Data provided:
#####

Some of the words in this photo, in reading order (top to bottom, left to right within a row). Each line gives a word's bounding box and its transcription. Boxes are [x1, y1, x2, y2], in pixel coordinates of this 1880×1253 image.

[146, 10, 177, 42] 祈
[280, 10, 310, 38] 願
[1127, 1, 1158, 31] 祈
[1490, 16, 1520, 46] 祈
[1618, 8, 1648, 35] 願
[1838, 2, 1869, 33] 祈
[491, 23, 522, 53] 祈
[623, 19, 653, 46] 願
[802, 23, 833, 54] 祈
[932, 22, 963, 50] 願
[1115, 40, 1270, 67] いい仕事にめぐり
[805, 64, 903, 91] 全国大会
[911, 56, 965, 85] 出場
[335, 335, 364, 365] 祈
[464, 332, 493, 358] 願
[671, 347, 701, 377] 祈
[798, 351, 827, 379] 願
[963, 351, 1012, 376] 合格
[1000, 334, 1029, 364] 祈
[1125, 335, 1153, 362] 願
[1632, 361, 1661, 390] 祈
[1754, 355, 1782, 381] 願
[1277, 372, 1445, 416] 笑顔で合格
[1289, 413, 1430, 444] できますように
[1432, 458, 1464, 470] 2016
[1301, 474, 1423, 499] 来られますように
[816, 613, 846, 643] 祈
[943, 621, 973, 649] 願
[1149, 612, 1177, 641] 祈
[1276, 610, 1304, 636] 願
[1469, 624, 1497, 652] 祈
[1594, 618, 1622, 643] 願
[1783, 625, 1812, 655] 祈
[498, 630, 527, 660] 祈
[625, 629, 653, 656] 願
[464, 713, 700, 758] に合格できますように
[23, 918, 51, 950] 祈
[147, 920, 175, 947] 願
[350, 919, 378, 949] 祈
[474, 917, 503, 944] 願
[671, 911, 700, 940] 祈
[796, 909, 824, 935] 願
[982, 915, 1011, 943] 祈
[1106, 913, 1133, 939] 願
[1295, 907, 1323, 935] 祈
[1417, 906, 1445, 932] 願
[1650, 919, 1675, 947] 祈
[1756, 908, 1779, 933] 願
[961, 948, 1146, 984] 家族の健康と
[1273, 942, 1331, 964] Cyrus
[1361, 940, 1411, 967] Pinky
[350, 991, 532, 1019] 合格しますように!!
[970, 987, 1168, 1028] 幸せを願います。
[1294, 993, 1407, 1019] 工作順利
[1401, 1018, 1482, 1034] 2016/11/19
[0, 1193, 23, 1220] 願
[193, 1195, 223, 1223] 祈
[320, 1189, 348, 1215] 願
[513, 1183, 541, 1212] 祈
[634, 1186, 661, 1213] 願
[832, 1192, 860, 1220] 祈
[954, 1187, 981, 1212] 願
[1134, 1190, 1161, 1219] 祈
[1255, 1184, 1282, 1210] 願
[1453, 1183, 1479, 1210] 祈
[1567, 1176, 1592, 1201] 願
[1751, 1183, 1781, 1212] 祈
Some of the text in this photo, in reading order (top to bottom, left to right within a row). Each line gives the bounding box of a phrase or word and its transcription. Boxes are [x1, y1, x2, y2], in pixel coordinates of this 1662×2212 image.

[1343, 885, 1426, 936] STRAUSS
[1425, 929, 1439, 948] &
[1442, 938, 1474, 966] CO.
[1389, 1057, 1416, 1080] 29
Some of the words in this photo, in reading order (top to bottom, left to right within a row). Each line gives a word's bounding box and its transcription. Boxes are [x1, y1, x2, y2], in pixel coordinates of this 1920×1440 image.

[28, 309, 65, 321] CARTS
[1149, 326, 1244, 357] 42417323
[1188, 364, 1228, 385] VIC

#####

Work task: A verbatim copy of the listing above, starting from the line with "this 1920×1440 image." and running to its last line, is the only output needed.

Task output:
Some of the words in this photo, in reading order (top to bottom, left to right within a row). Each line gives a word's bounding box and its transcription. Boxes are [x1, y1, x2, y2], in pixel coordinates of this 1920×1440 image.

[28, 309, 65, 321] CARTS
[1149, 326, 1244, 357] 42417323
[1188, 364, 1228, 385] VIC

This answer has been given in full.